The penalty for pedophilia in New York would be two quick ones to the back of the head if I had my way.

But you can’t do that in a democracy. There’s a little thing called due process. But dollars to doughnuts, there’d be a lot of nodding heads if I were to pitch the base-of-the-skull idea to the Republican State Senate conference in Albany behind closed doors.

Republicans have always been the tough-on-crime party in New York. Senate Republicans have led the way for decades in toughening sexual assault laws.
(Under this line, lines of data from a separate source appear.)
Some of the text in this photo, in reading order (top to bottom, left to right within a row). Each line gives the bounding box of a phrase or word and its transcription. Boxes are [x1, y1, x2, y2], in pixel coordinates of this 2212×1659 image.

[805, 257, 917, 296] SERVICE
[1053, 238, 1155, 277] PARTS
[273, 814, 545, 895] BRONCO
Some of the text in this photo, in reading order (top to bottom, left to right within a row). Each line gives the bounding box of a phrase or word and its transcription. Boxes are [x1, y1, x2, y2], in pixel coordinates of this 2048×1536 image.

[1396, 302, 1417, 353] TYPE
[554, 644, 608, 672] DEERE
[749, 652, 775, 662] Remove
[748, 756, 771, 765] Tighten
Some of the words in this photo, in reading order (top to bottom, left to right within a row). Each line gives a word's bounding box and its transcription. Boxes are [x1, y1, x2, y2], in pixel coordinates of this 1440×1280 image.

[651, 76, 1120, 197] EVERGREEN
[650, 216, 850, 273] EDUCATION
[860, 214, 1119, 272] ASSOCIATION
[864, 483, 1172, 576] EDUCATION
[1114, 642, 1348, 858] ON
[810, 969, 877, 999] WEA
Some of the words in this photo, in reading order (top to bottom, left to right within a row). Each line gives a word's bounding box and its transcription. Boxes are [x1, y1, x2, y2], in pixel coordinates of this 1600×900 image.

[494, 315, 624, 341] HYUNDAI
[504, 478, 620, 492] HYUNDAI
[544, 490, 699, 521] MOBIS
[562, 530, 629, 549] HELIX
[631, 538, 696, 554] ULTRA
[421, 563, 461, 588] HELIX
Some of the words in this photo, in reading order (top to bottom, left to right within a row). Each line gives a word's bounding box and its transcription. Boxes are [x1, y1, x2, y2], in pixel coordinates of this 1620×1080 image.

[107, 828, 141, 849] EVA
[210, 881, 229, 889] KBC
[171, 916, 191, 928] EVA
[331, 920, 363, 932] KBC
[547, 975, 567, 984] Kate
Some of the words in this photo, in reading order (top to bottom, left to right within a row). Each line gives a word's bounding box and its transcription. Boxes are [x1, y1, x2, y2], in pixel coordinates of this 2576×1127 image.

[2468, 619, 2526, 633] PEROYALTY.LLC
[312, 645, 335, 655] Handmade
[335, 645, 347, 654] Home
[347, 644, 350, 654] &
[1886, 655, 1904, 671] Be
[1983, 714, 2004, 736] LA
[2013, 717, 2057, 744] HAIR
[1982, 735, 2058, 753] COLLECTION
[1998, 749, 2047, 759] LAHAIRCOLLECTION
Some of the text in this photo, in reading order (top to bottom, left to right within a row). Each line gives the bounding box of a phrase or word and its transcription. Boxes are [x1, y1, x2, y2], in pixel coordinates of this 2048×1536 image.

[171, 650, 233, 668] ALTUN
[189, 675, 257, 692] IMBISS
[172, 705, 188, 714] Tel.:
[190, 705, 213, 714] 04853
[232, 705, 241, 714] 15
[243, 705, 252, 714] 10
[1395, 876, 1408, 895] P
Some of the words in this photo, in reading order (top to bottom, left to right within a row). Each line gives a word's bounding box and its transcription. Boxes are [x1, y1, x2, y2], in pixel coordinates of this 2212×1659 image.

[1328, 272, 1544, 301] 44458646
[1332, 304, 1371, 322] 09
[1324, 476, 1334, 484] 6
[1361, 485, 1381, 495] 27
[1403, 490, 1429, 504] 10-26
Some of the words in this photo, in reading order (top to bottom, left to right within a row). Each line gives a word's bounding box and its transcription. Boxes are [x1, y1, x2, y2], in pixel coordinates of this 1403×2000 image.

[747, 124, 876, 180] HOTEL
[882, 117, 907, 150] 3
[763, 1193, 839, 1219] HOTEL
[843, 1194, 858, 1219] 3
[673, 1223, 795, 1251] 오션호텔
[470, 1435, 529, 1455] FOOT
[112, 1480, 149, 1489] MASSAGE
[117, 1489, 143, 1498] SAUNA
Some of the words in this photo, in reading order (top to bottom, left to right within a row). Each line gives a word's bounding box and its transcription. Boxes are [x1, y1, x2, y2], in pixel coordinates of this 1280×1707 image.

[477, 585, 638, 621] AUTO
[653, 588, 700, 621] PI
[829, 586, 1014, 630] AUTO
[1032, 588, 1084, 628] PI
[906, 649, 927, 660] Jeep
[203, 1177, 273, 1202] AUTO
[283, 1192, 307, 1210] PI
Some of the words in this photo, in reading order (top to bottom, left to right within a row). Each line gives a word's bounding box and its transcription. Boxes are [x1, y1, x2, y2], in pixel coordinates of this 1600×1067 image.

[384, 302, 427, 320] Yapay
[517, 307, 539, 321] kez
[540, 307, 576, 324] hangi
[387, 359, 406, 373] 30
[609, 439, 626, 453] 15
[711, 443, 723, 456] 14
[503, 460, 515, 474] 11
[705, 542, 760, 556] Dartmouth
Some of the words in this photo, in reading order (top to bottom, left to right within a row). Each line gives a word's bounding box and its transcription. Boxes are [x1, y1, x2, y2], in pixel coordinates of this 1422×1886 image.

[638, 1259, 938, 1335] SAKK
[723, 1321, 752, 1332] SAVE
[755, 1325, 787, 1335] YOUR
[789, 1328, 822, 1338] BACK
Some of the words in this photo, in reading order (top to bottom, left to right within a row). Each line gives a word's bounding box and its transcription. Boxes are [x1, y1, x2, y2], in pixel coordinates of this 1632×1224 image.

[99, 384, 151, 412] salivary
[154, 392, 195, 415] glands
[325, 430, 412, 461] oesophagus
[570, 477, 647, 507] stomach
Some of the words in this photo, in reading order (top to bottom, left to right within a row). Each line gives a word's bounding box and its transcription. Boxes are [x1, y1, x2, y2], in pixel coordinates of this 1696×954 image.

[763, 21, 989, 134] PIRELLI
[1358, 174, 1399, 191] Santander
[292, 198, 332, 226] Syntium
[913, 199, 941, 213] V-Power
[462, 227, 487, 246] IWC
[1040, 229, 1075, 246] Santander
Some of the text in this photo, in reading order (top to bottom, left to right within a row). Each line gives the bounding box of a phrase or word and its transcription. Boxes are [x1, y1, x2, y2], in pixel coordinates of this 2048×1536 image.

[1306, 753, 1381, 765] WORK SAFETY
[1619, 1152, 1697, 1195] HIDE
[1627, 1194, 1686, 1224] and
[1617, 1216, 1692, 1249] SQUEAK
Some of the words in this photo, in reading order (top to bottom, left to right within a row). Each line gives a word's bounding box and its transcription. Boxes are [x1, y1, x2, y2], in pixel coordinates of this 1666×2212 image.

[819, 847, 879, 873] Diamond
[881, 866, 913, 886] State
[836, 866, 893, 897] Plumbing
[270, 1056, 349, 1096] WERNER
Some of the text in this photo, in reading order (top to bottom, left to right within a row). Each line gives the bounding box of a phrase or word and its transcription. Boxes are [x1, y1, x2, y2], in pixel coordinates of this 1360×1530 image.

I worked for years helping promote several of their bills, including New York’s version of Megan’s Law (1995), which created the state’s sex-offender registry, and the civil management law (2007), which allowed judges to order civil confinement for the most dangerous recidivist sex criminals after their prison terms have been served.

Those measures took enormous effort to be made law. They only passed because it became politically toxic to oppose them in the end. The State Assembly, which maddeningly ignored both bills for a long while, simply had to put them on the floor for a vote. (Many good bills, including one that would prohibit convicted child molesters from living with 500 feet from schools or playgrounds, continue to languish in that legislative body.)

But it’s the Republican-led Senate that’s been holding up the most important legislation in decades for victims of childhood sexual abuse. The Child Victims Act, which has overwhelmingly passed in the State Assembly several times, would increase the amount of time pedophilia victims have to file civil claims and criminal charges against attackers and institutions that willfully ignored evidence that an employee posed a threat to children.

Under current New York law, child sex abuse victims have until age 23 to file criminal charges for offenses that don’t include the top felony rape charges, and until age 21 to file civil claims against institutions. But the average age for childhood sexual abuse disclosure is 42, according to experts.

Pedophilia is a crime like no other. It can take decades to come to grips with its effects. Many victims never recover from its trauma, turning to alcohol, drugs and even suicide for solace. There is an untold cost on survivors and society.

The Child Victims Act would extend the time in which a victim can sue to age 50 and allow survivors to file criminal charges up to age 28. A one-year window would be made available for these pedophilia suits to be filed on expired claims.

I get why the Senate hasn’t moved on this bill. But fear of an overwhelmed court system isn’t warranted. There’s data to prove it. Eight states, including Utah, Connecticut and California, have passed versions of the Child Victims Act without significant issue, even as #MeToo reports grow. With a population almost twice New York’s, California saw just 1,150 cases filed in the one year window it granted. And when all is said and done, the plaintiff’s burden is enormous in these cases. They would have to provide evidence of sex assault decades after they occurred in many cases.

There is pushback, too, from New York institutions fearing bankruptcy if they are held liable for having willfully ignored pedophilia in their ranks. But most of these organizations are well insured — and the real bankruptcy they should fear is of the moral order.

It’s past time for the State Senate to put the Child Victims Act on the floor for an up-or-down vote, morally and politically. Those who oppose it are welcome to explain why to a public that’s had it with sex crimes.

William F. B. O’Reilly is a consultant for Republicans.